Coherent x-ray diffractive imaging is a nondestructive technique that extracts three-dimensional electron density and strain maps from materials with nanometer resolution. It has been utilized for materials in a range of applications, and has significant potential for imaging buried nanostructures in functional devices. Here, we show that coherent x-ray diffractive imaging is able to bring new understanding to a lithography-based nanofabrication process for engineering the optical properties of semiconducting GaAs_1-yN_y on a GaAs substrate. This technique allows us to test the process reliability and the manufactured patterns quality. We demonstrate that regular and sharp geometrical structures can be produced on a few-micron scale, and that the strain distribution is uniform even for highly strained sub-microscopic objects. This nondestructive study would not be possible using conventional microscopy techniques. Our results pave the way for tailoring the optical properties of emitters with nanometric precision for nanophotonics and quantum technology applications.

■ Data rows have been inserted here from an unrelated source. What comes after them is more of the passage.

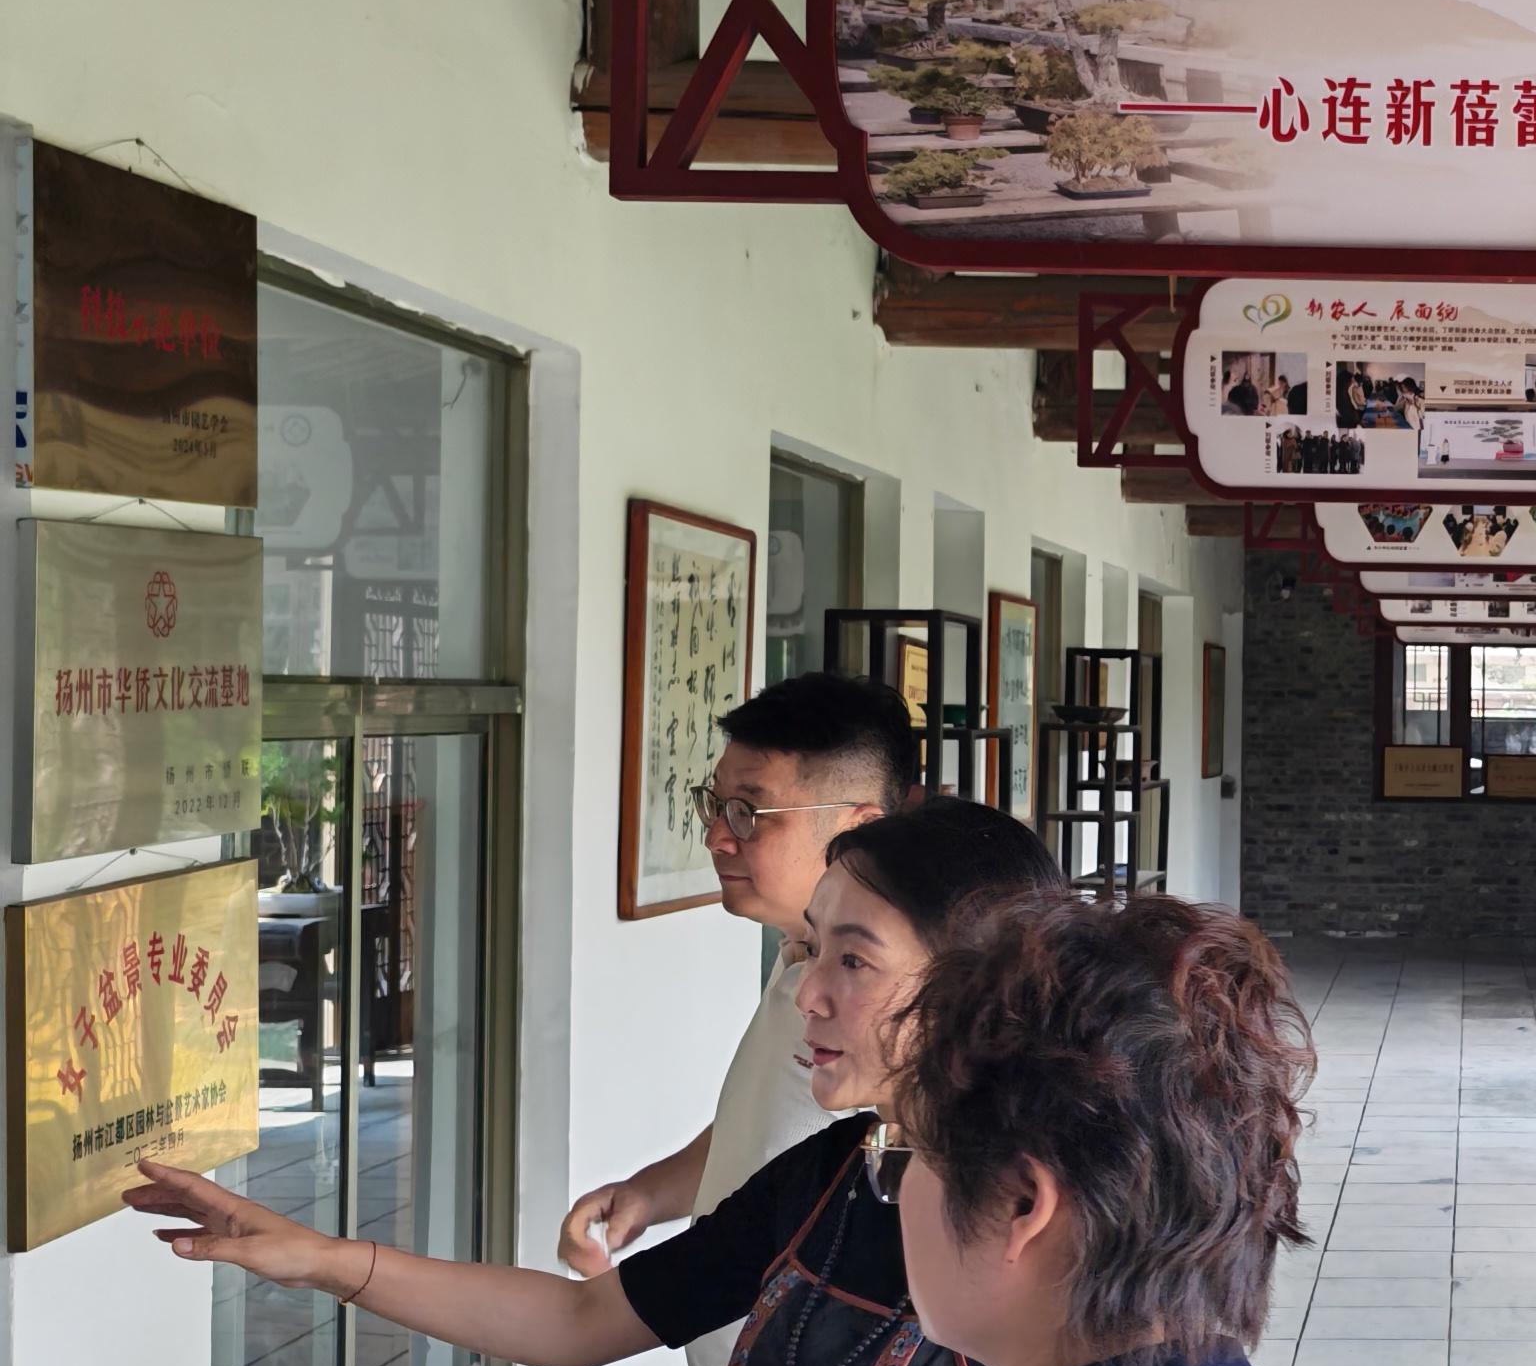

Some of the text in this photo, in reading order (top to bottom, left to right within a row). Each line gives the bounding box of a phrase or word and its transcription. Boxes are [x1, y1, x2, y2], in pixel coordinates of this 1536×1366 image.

[1304, 298, 1378, 321] 新农人
[55, 665, 250, 716] 扬州市华侨文化交流基地
[57, 931, 239, 1103] 女子盆景专业委员会
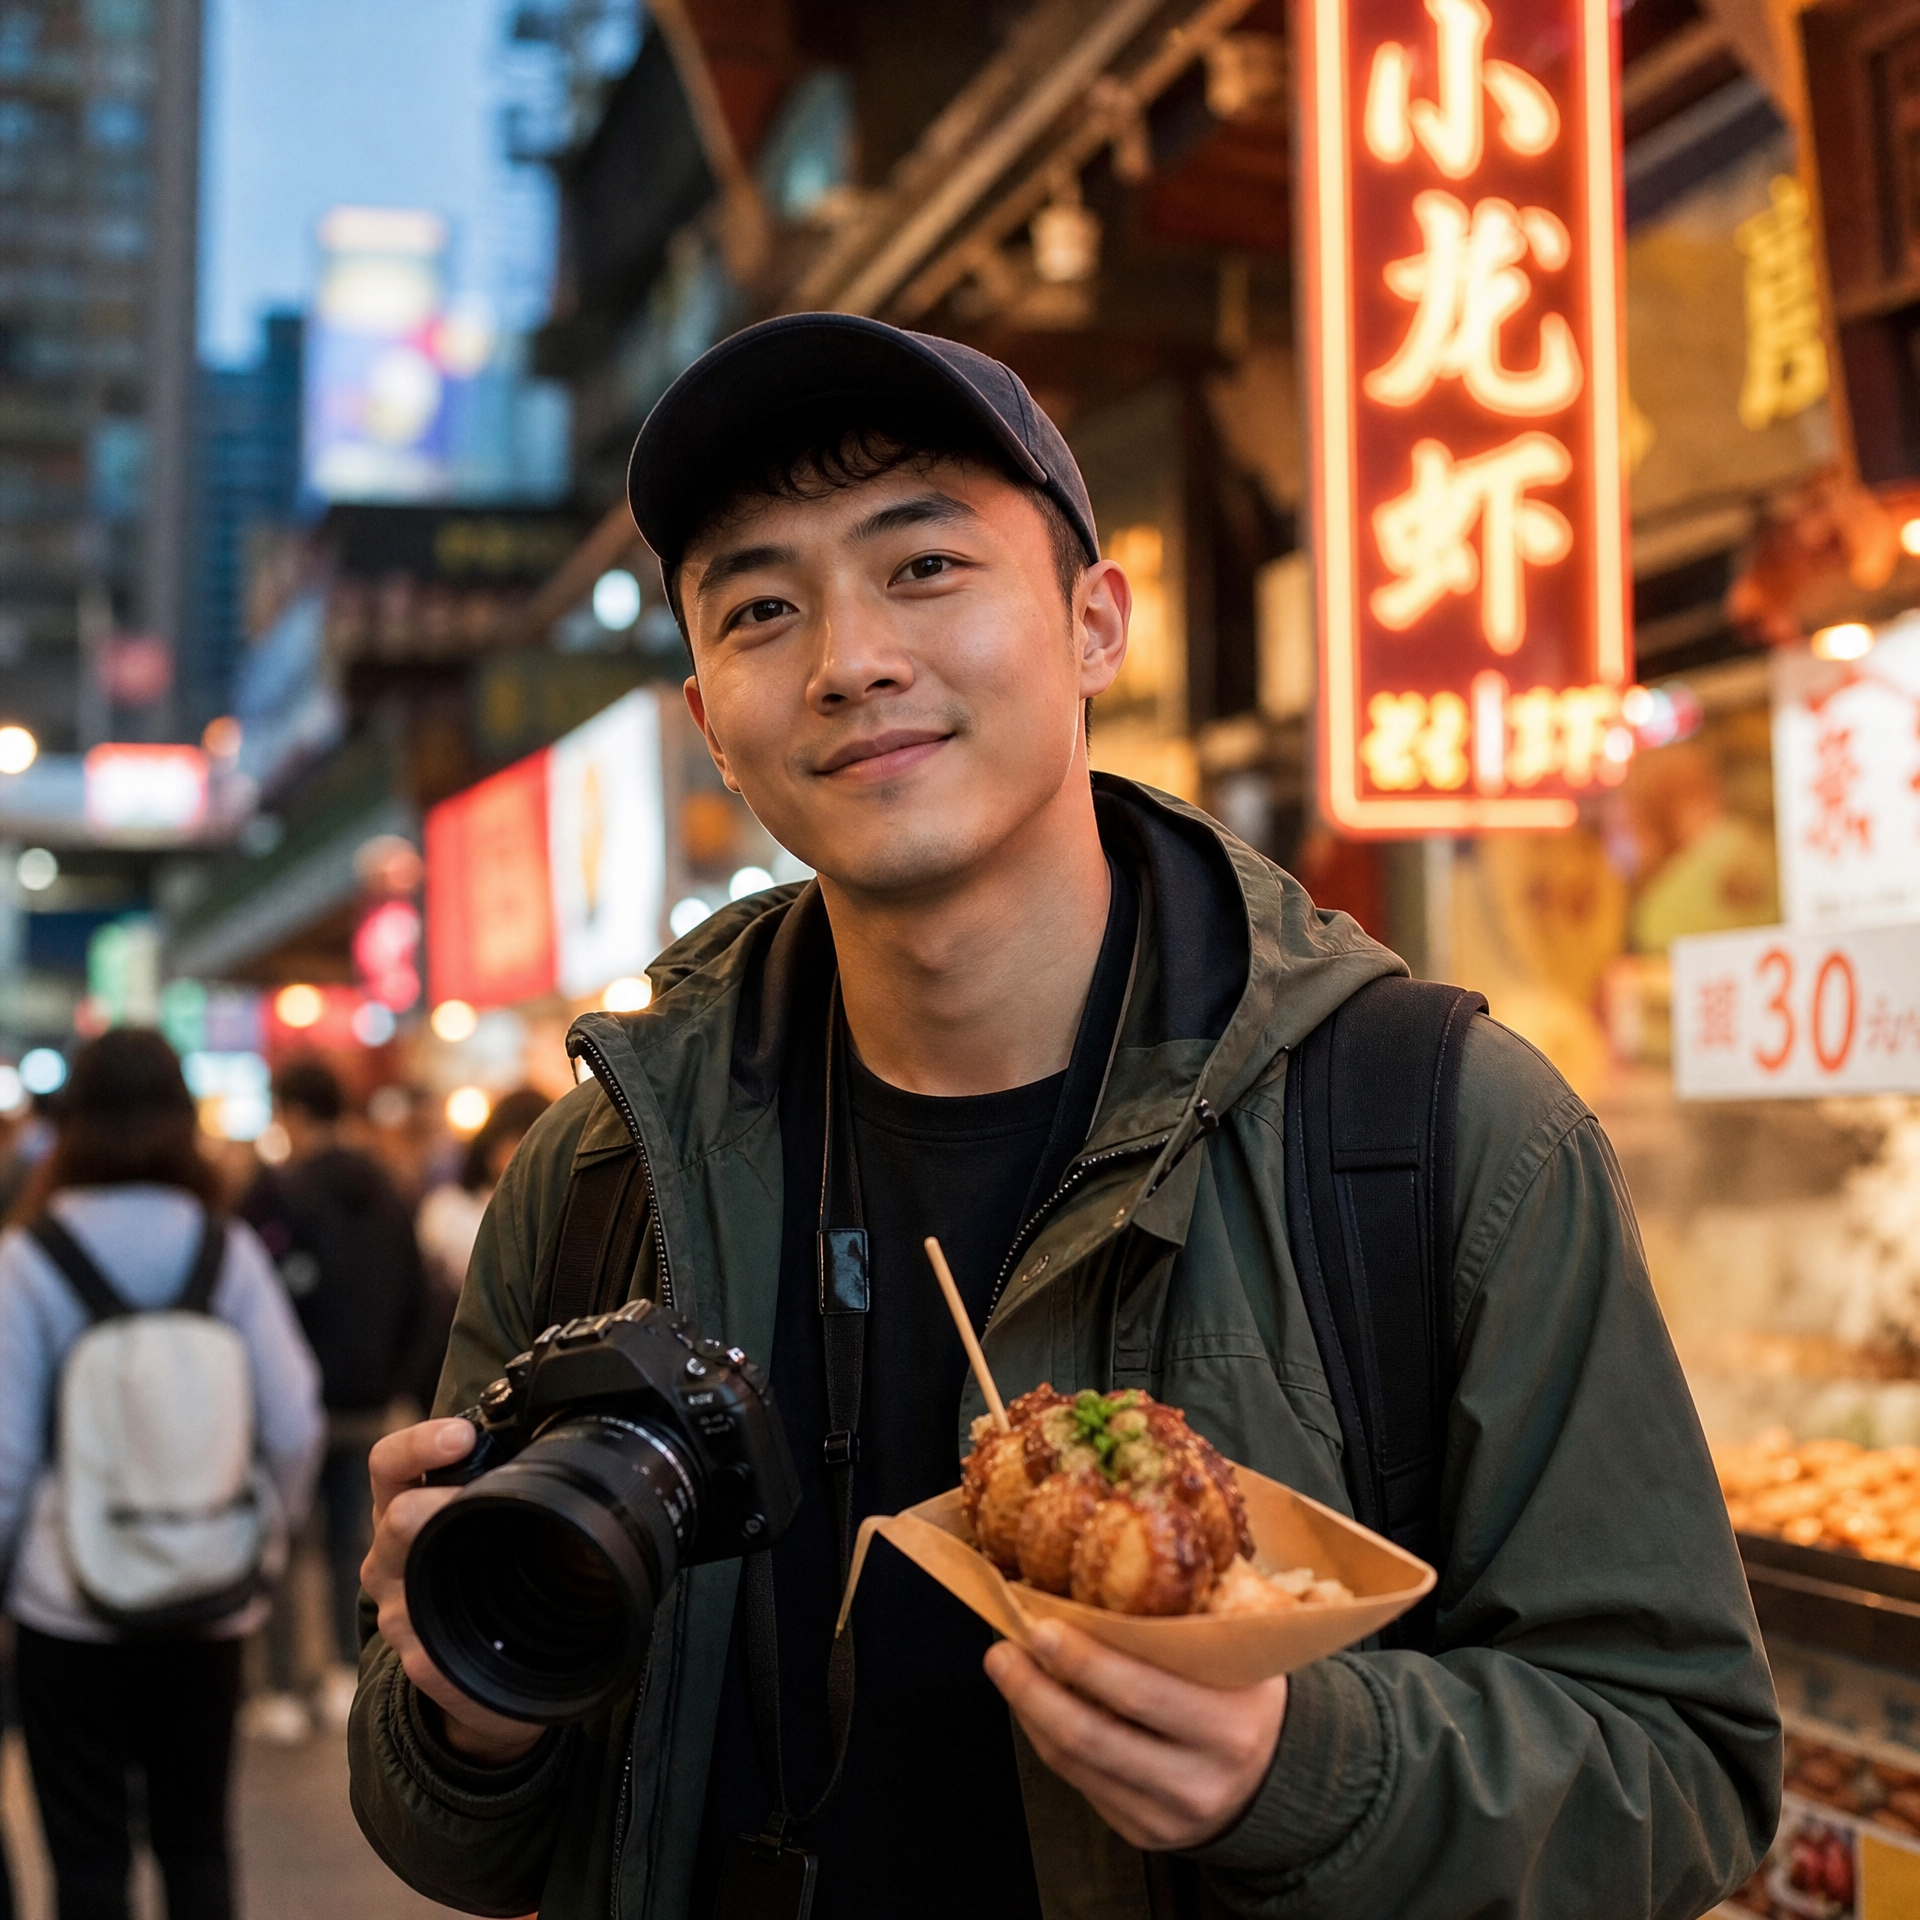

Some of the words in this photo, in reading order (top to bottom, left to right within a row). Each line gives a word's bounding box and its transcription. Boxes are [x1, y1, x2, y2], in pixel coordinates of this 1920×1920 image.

[1364, 0, 1583, 655] 小龙虾
[1754, 947, 1859, 1074] 30
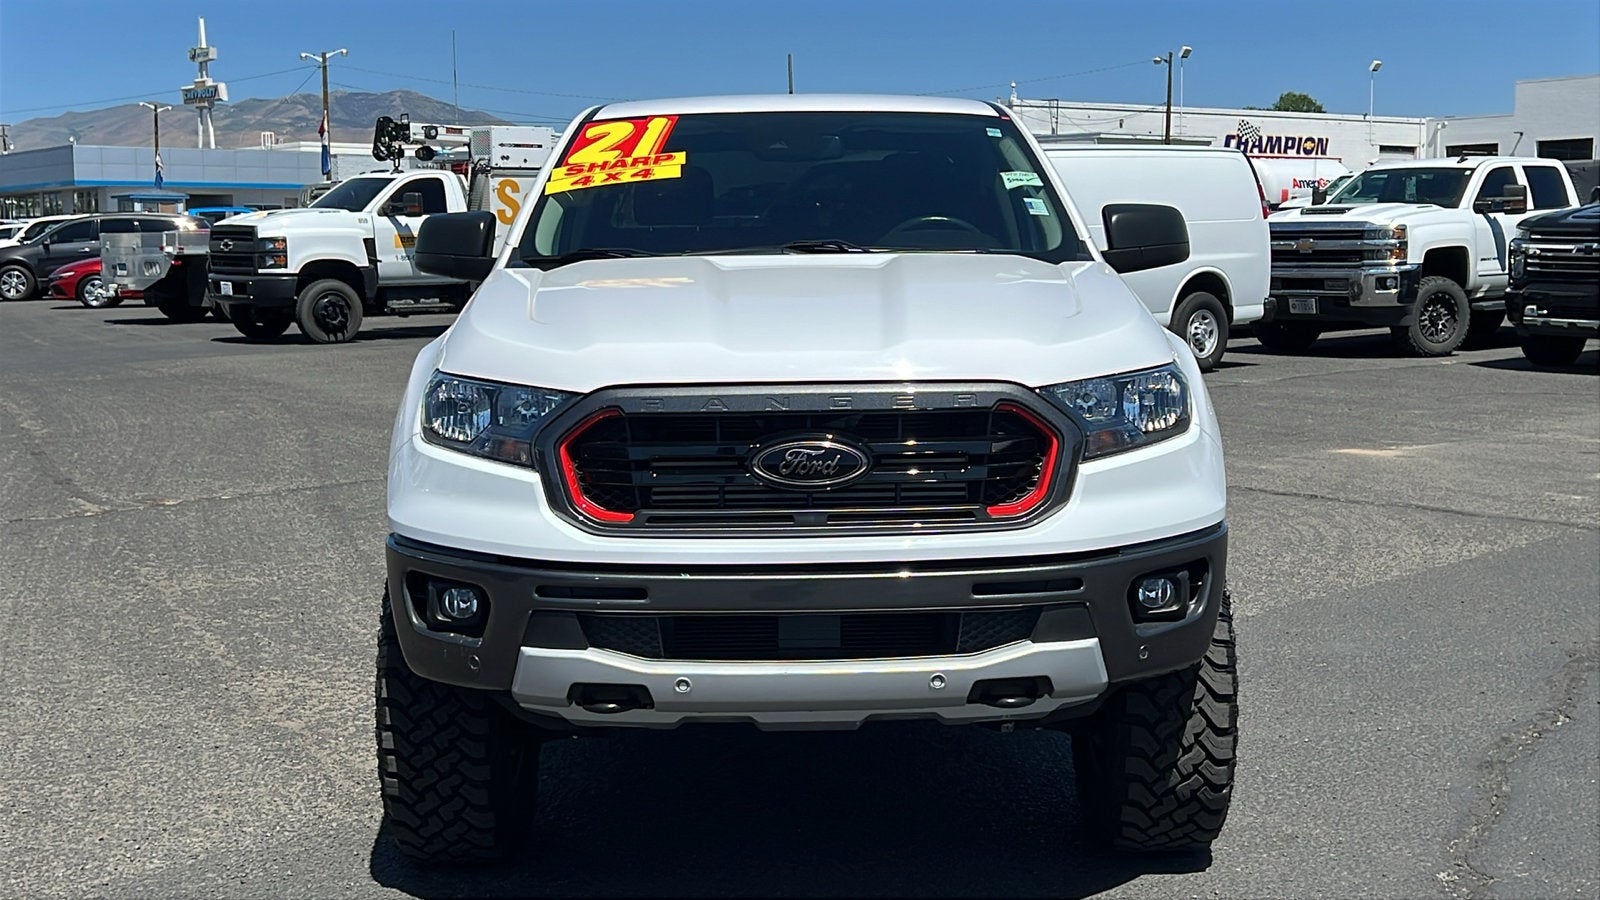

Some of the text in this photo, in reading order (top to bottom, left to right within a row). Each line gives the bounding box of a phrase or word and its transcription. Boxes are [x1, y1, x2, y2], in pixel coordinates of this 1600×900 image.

[567, 116, 672, 165] 21
[1224, 134, 1329, 156] CHAMPION
[564, 153, 676, 177] SHARP
[640, 393, 978, 412] RANGER
[778, 447, 841, 477] Ford
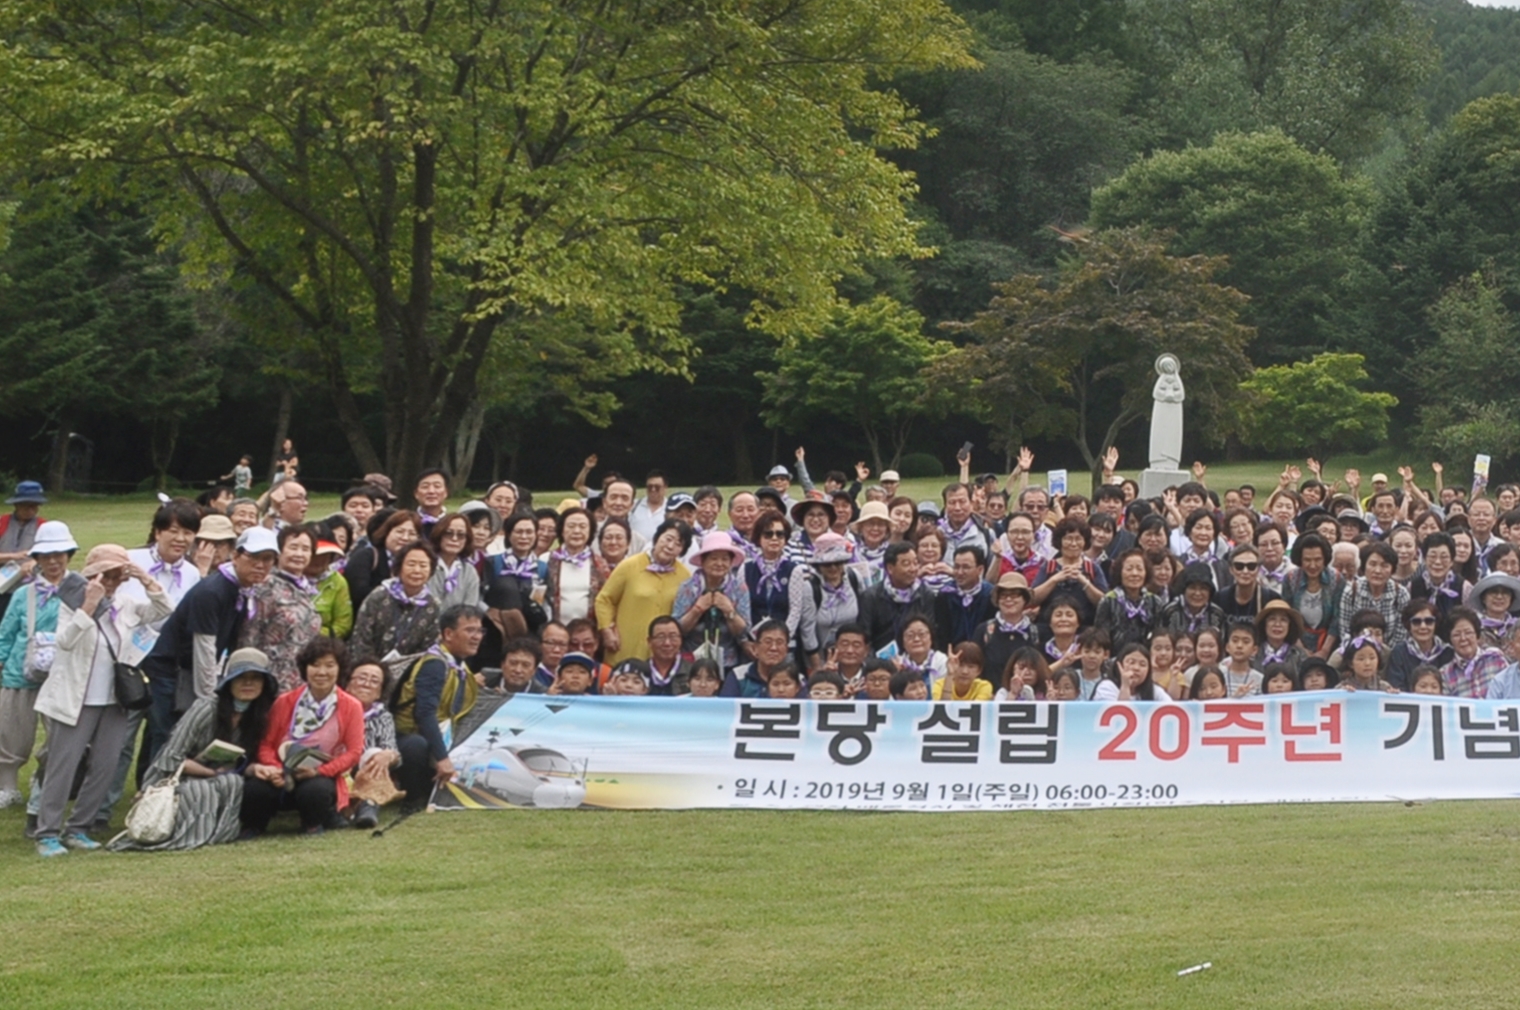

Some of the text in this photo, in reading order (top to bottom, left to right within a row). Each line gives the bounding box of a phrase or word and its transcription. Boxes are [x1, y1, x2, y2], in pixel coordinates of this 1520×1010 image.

相干X射线衍射成像是一种无损技术，可以从具有纳米分辨率的材料中提取三维电子密度和应变图。它已被用于多种应用中的材料，并且具有显着的潜力，可以使功能器件中的隐埋纳米结构成像。在这里，我们表明相干x射线衍射成像能够为基于光刻的纳米制造工艺带来新的理解，以工程化半导体GaAs _1-y N _y的光学特性在砷化镓衬底上。这种技术使我们能够测试过程的可靠性和所制造的图案质量。我们证明，可以在几微米规模上产生规则而尖锐的几何结构，并且即使对于高度应变的亚微观物体，应变分布也是均匀的。使用传统的显微镜技术不可能进行这种非破坏性研究。我们的结果为纳米光子学和量子技术应用以纳米级精度定制发射器的光学特性铺平了道路。